A Manhattan restaurant received health inspection during busy hour which resulted in five summonses with $900 penalties in total. Anjappar is an Indian cuisine restaurant located at 116 Lexington Avenue in Midtown Manhattan. On July 3, 2018, while the restaurant was preparing a large order, an inspector from the Department of Health and Mental Hygiene made an unannounced visit. The inspector observed in Anjappar’s kitchen near an operating stove approximately eight pounds of cooked chicken in metal containers at room temperature. The inspector tested the meat and found it was above the required temperature. The inspector also observed that the waste pipe connected to a dishwasher was contaminated by accumulated grease, and that water leaking from an air conditioner was being improperly disposed of in a bucket on the kitchen floor.

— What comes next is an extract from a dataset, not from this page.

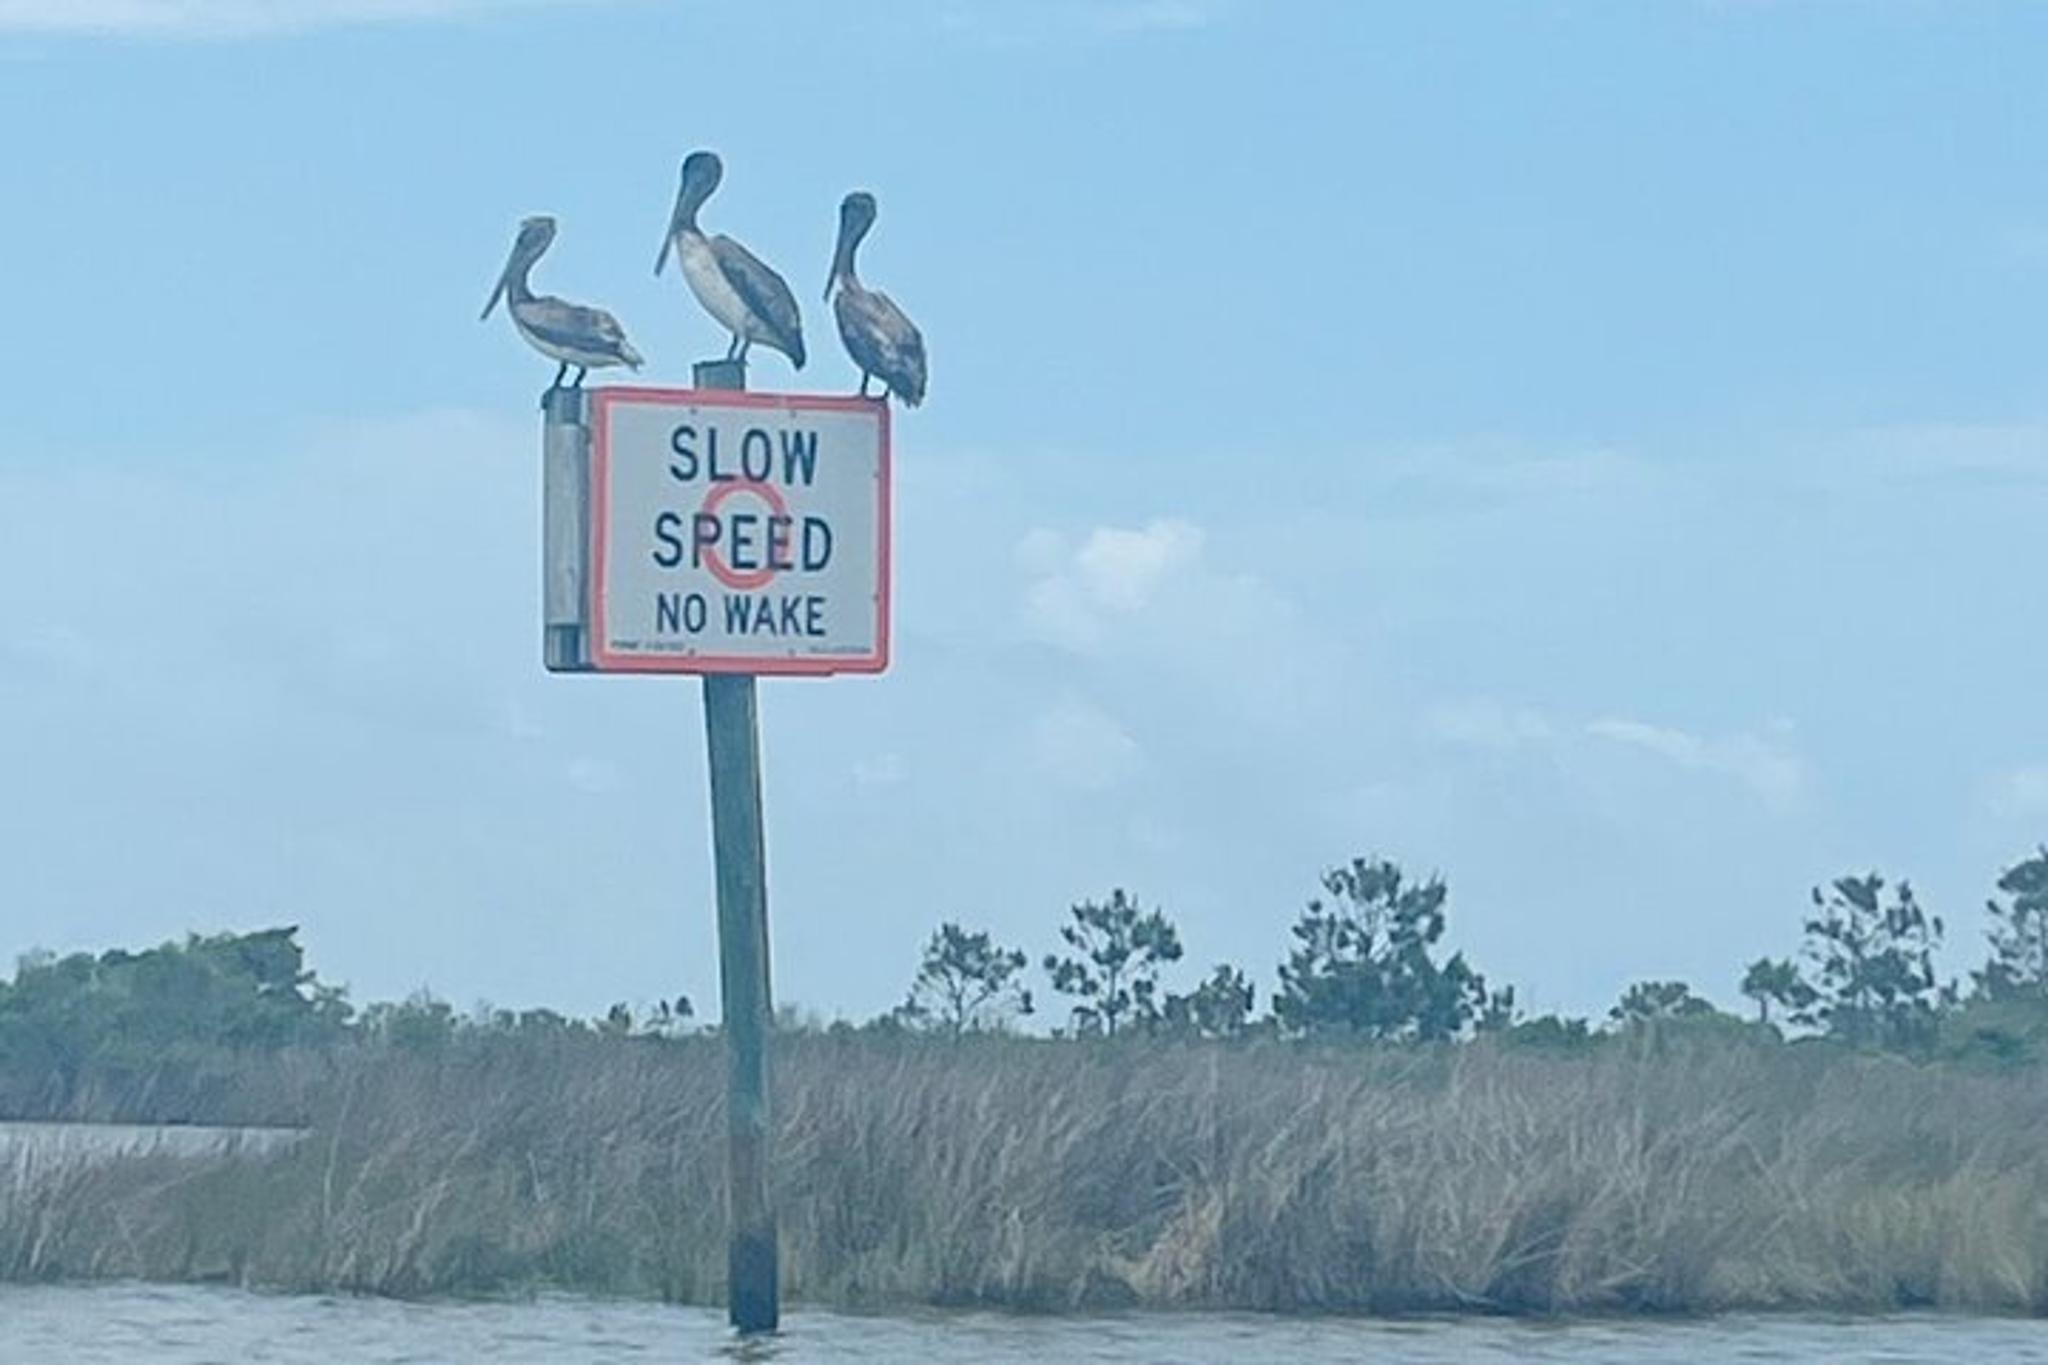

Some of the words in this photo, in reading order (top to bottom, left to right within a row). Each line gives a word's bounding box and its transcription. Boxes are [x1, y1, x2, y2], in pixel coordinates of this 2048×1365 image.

[669, 424, 819, 487] SLOW
[652, 511, 834, 573] SPEED
[656, 592, 708, 635] NO
[723, 594, 828, 638] WAKE

The inspector issued five summonses for food storage violations and unsafe conditions in the kitchen. An OATH hearing officer upheld the summonses. Anjappar appealed. On appeal, Anjappar argued that when the inspector arrived in the restaurant the kitchen was preparing a “quite big” order and had taken the cooked chicken outside of a walk-in refrigerator. Had there been no unannounced inspection, Anjappar argued, the kitchen staff would not have panicked and would have returned the unused portion of the cooked chicken to the refrigerator. Anjappar also argued that the unsafe conditions caused by inappropriately disposed leaking water from the air conditioner did not cause any harm and was immediately rectified.

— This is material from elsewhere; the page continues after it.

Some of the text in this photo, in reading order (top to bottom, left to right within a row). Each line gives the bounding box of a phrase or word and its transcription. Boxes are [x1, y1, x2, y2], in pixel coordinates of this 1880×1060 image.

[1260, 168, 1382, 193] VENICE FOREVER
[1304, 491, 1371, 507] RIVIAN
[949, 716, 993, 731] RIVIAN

The OATH Appeals Unit affirmed the hearing decision and imposed a fine of $900. It rejected Anjappar’s argument that the sudden panic in the kitchen caused by unannounced visit of a health inspector excused the restaurant from storing perishable meat at safe, regulated temperatures. It also ruled that later actions that rectified unsafe conditions in the kitchen did not constitute a defense regardless of whether the condition had caused actual harm.

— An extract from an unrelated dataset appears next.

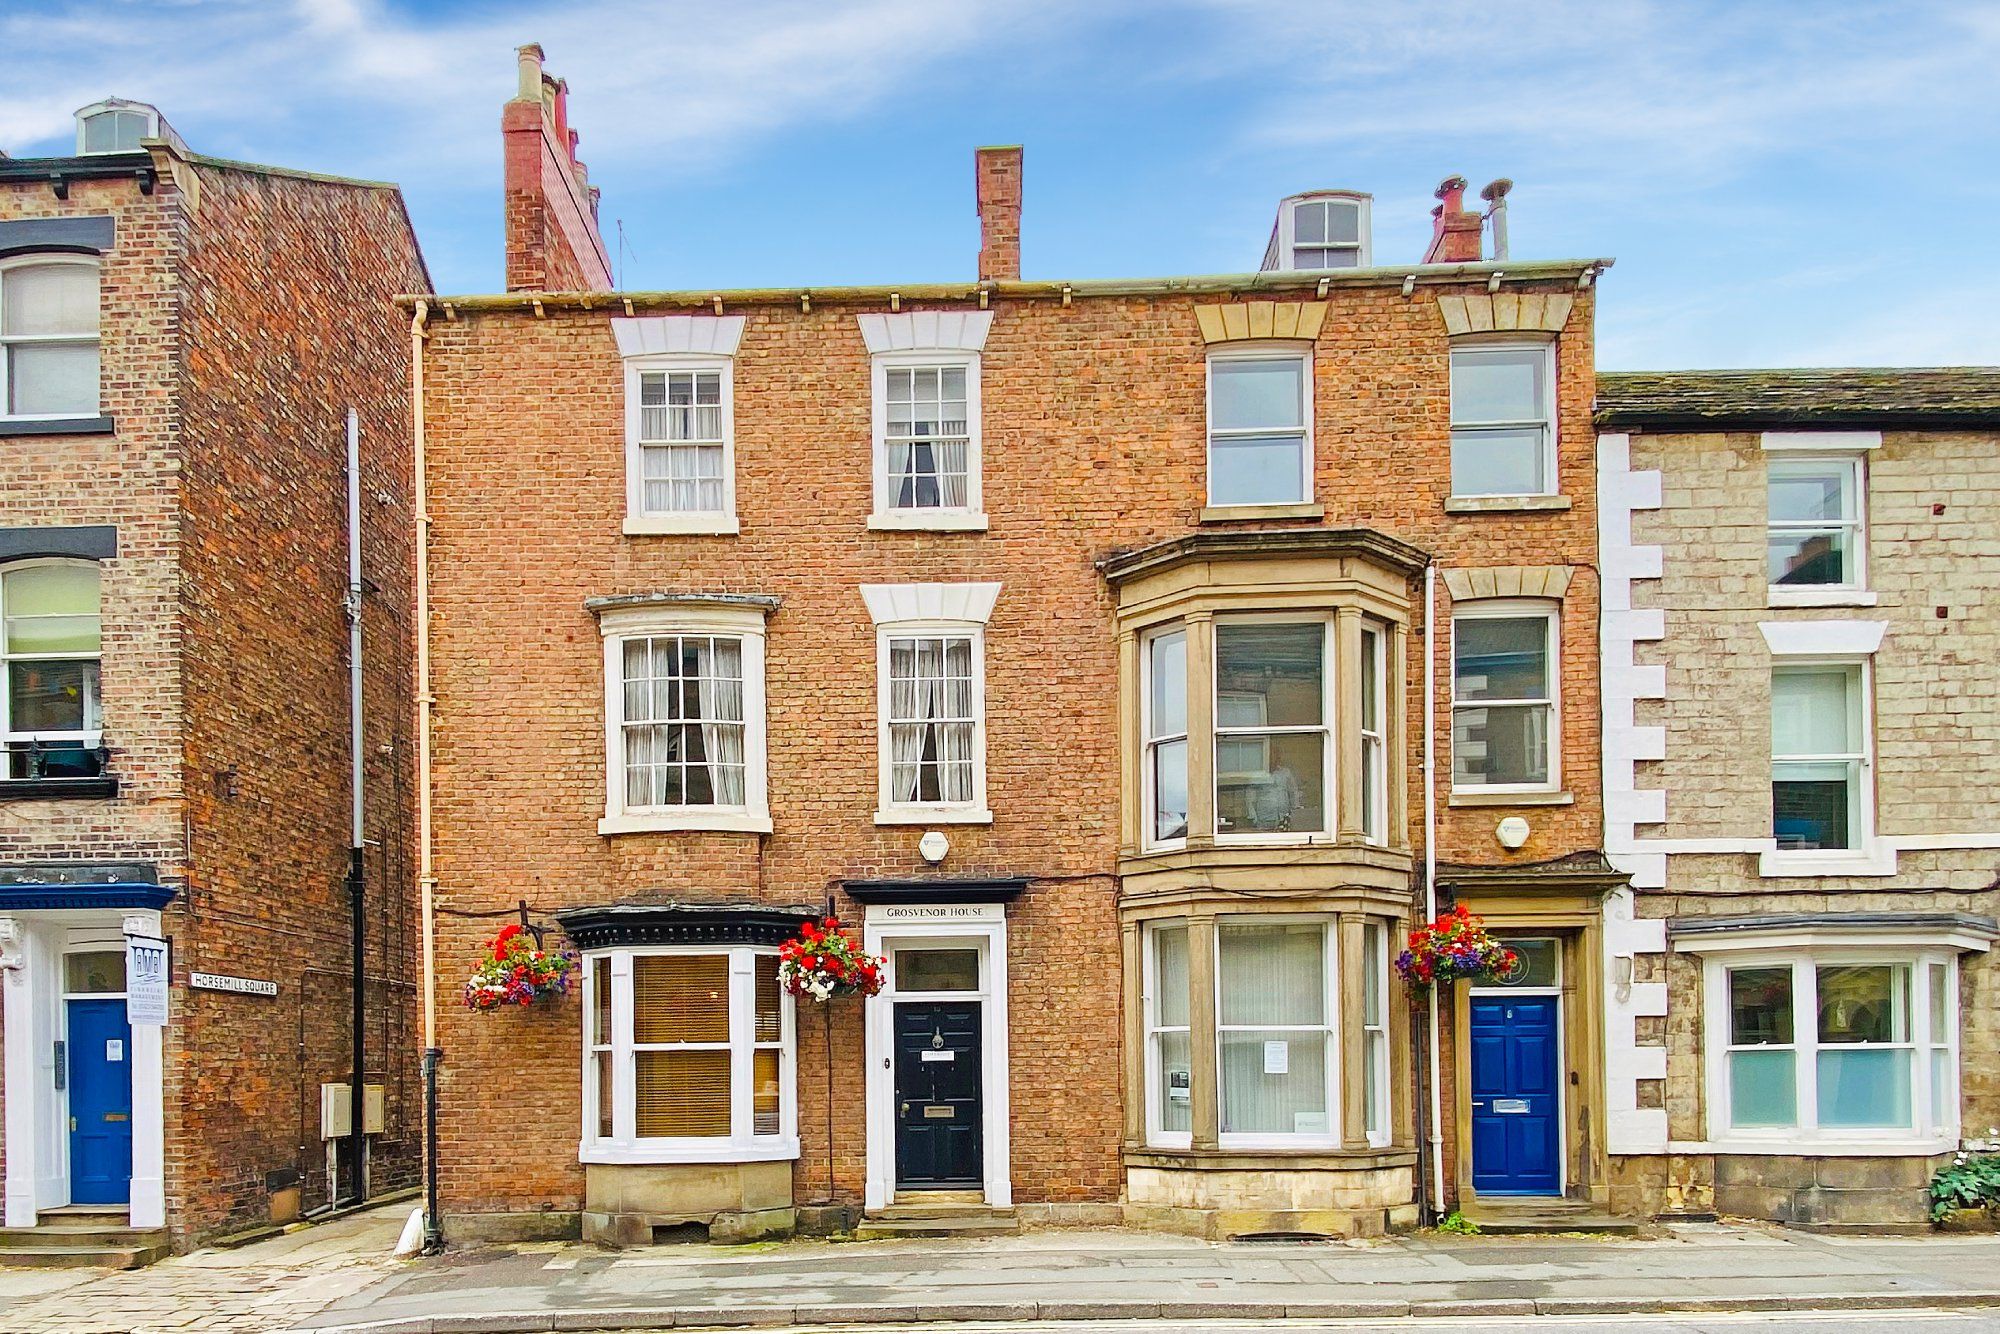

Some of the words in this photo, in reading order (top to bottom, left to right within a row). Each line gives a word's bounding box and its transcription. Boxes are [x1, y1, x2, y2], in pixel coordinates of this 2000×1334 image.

(CIT) DOHMH v. Twin Oaks USA Inc., OATH Hearings Division Appeals Unit. Appeal No. 09263-18F1 (October 19, 2018).

 

By: Young Kim (Young is a New York Law School student, Class of 2020).

 

CityLaw Comment:
The Department of Health and Mental Hygiene reported that in 2018 the Department issued 28,900 health violations to restaurants in Manhattan. During the same year, the Department issued a total of 73,631 violations in all five boroughs. The number of violations City-wide has been climbing each year. In 2017 and 2016, the City issued 48,382 and 45,894 violations, respectively. In 2015, only 11,917 violations were issued.